Then DOJ says like, nope, stone cold killer. And then they say, well, nope, that's based
on false information. And then DOJ is like, well, here's our witness.
How false is that now?
And they're like, oh no, that tattoo is something else.
And DOJ is like, no, it's not.
Like factual dispute.
We do legal disputes.
And when you get to the appellate level,
we more or less take the factual findings
of the district judge,
who has then determined all of that for us,
gotten it all
out in the open and said, you know, here's where things ended up. Now, let's talk about
how to apply the law. This is a how to apply the law podcast.
So when we think about these seven emergency docket cases pending as of Wednesday morning,
as I said, almost all of them are Trump related, and they're all going to be
legal questions. I'll read a few of them. Whether the Supreme Court should vacate the
district court's order blocking the Trump administration from summary removal under
the Alien Enemies Act.

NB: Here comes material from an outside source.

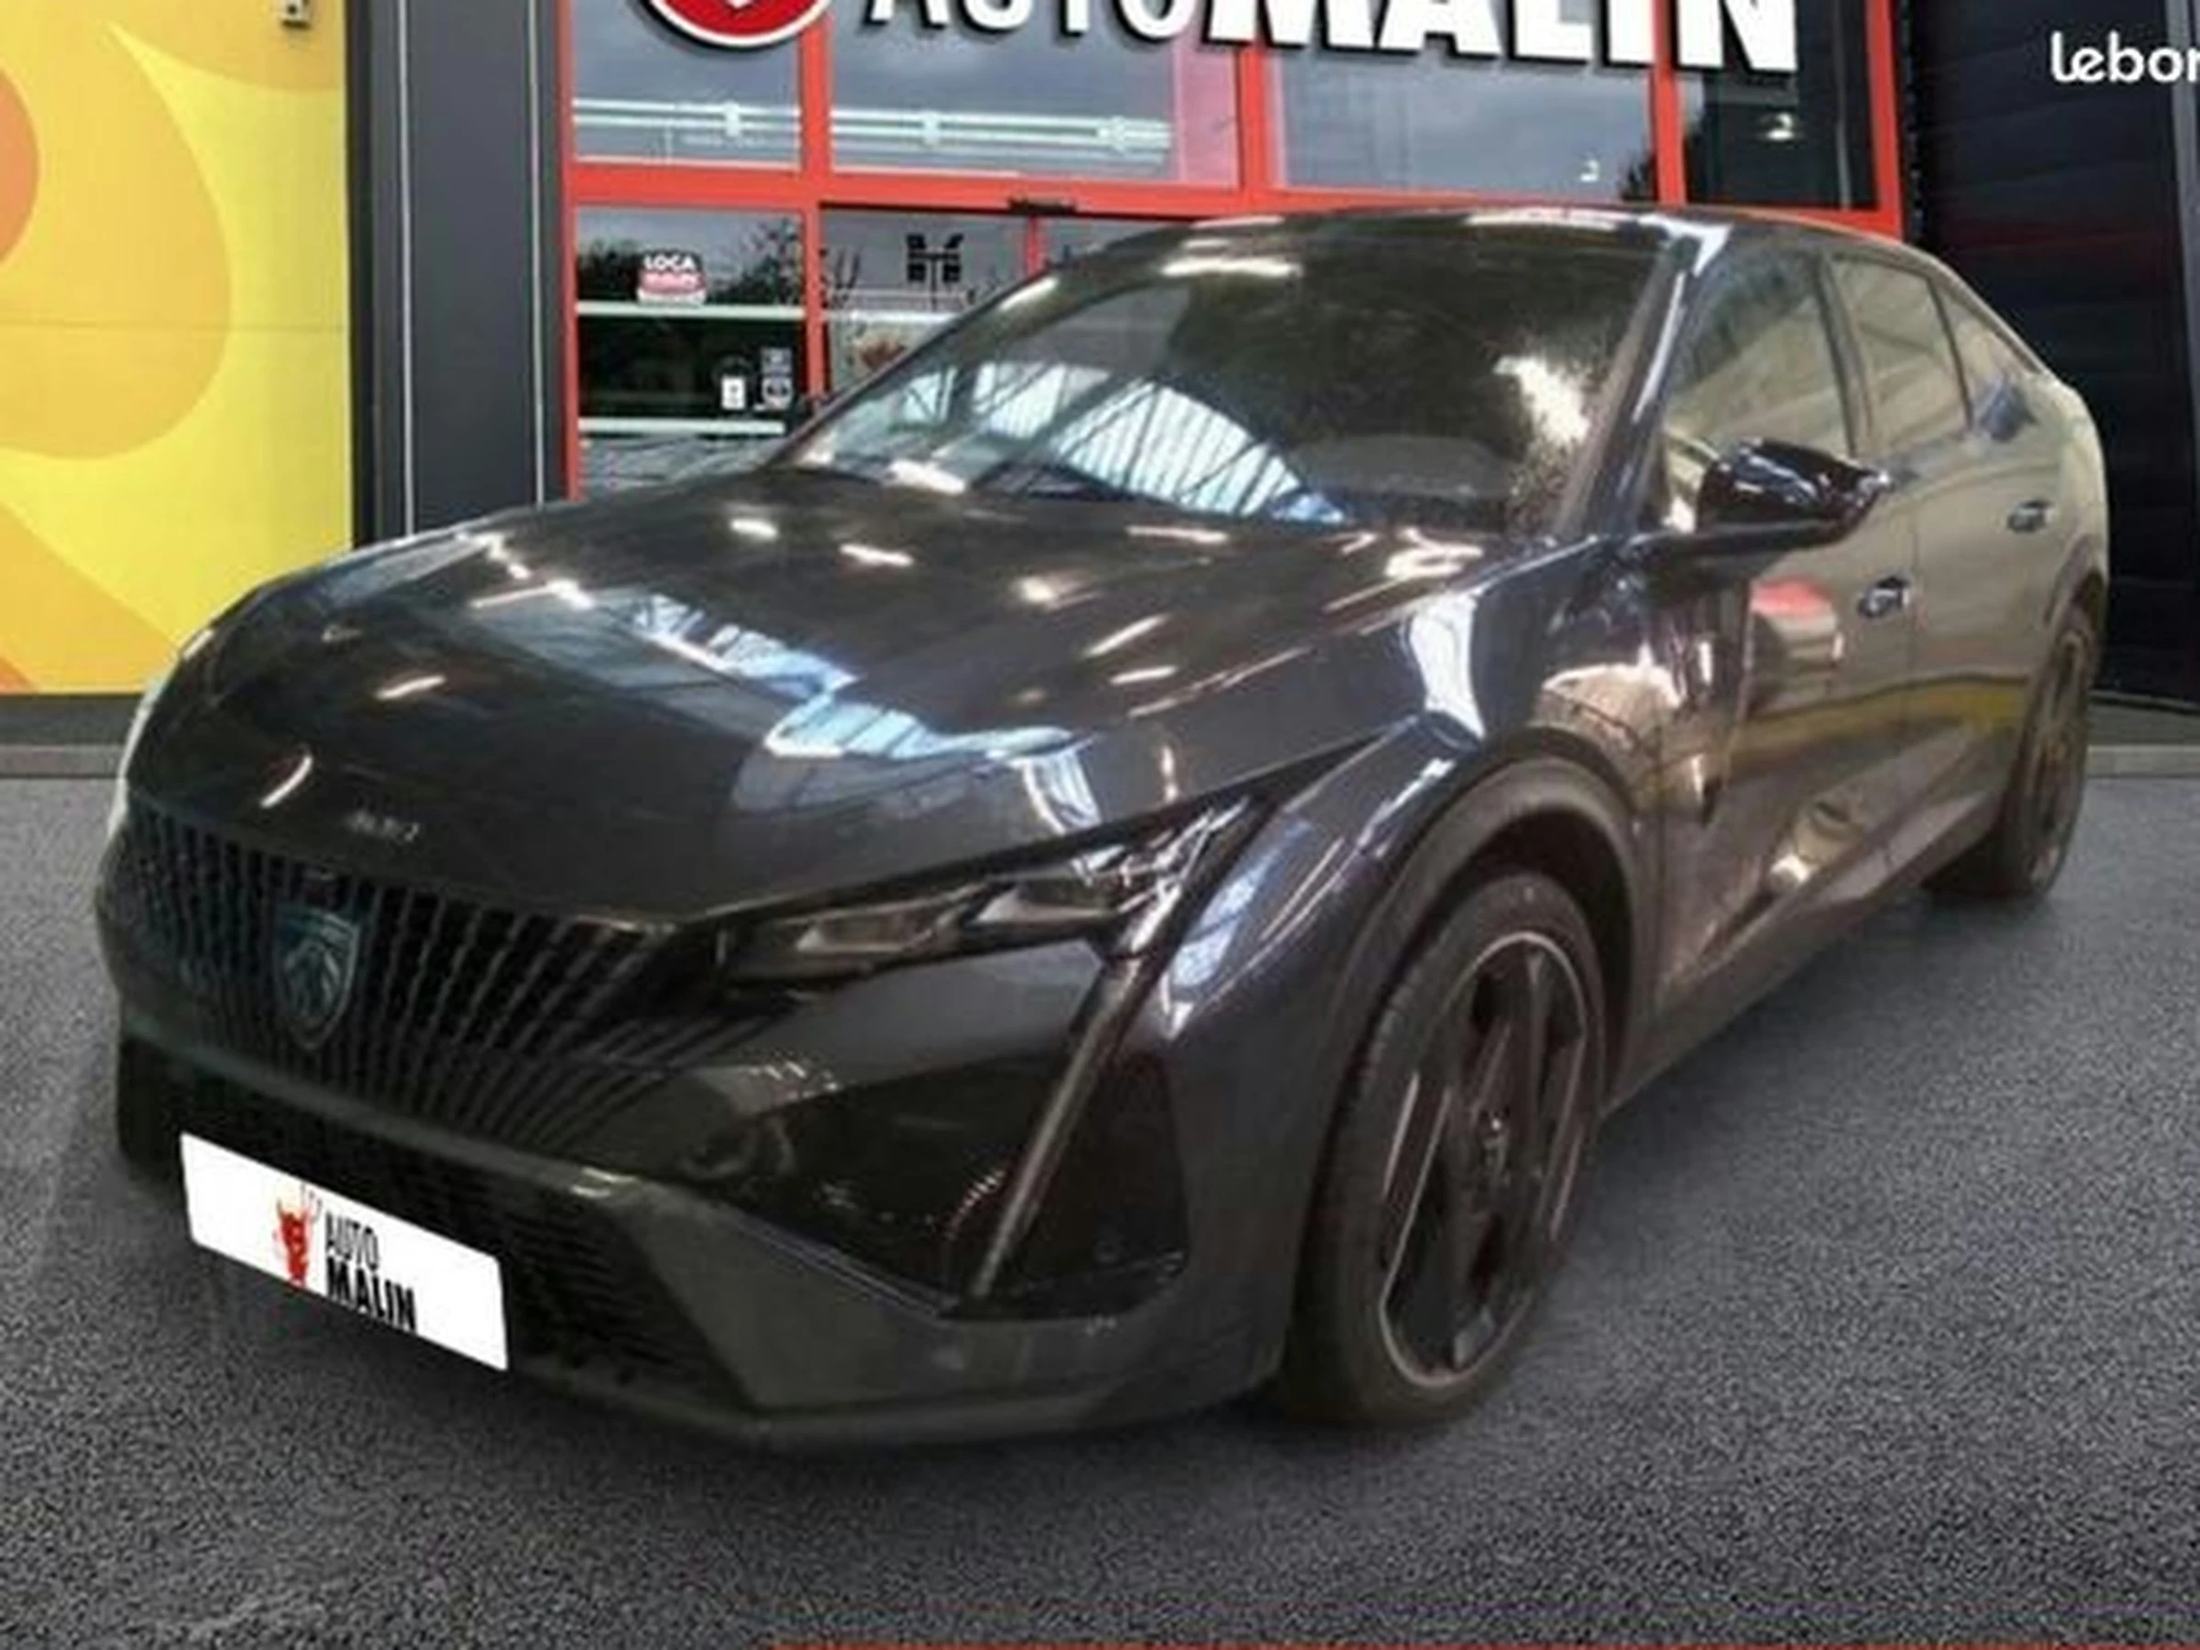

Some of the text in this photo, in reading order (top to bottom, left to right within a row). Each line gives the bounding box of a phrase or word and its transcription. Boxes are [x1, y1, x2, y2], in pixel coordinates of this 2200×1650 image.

Well, there you go. That's your Venezuelan preliminary injunction
case. Whether the Supreme Court should vacate the district court's March 10th order, which
requires the government to immediately reinstate millions of dollars in federal grants
that had been terminated. And by the way, note, March 10th order, it hasn't been that long.
You know, for all the flip out over nationwide injunctions,
March 10th, it's now pending at the Supreme Court within three weeks.
I don't know. Is that a huge problem we're trying to solve?
Whether the Supreme Court should stay the district court's injunction ordering six departments
and agencies to immediately offer reinstatements to over 16,000 employees who were laid off.
That's your Office of Personnel Management versus American Federation of Government Employees.
And the list goes on and on. So we will update you absolutely as the Supreme Court decides
those emergency docket cases.
Speaking of the Supreme Court, David, we had an interesting oral argument this week.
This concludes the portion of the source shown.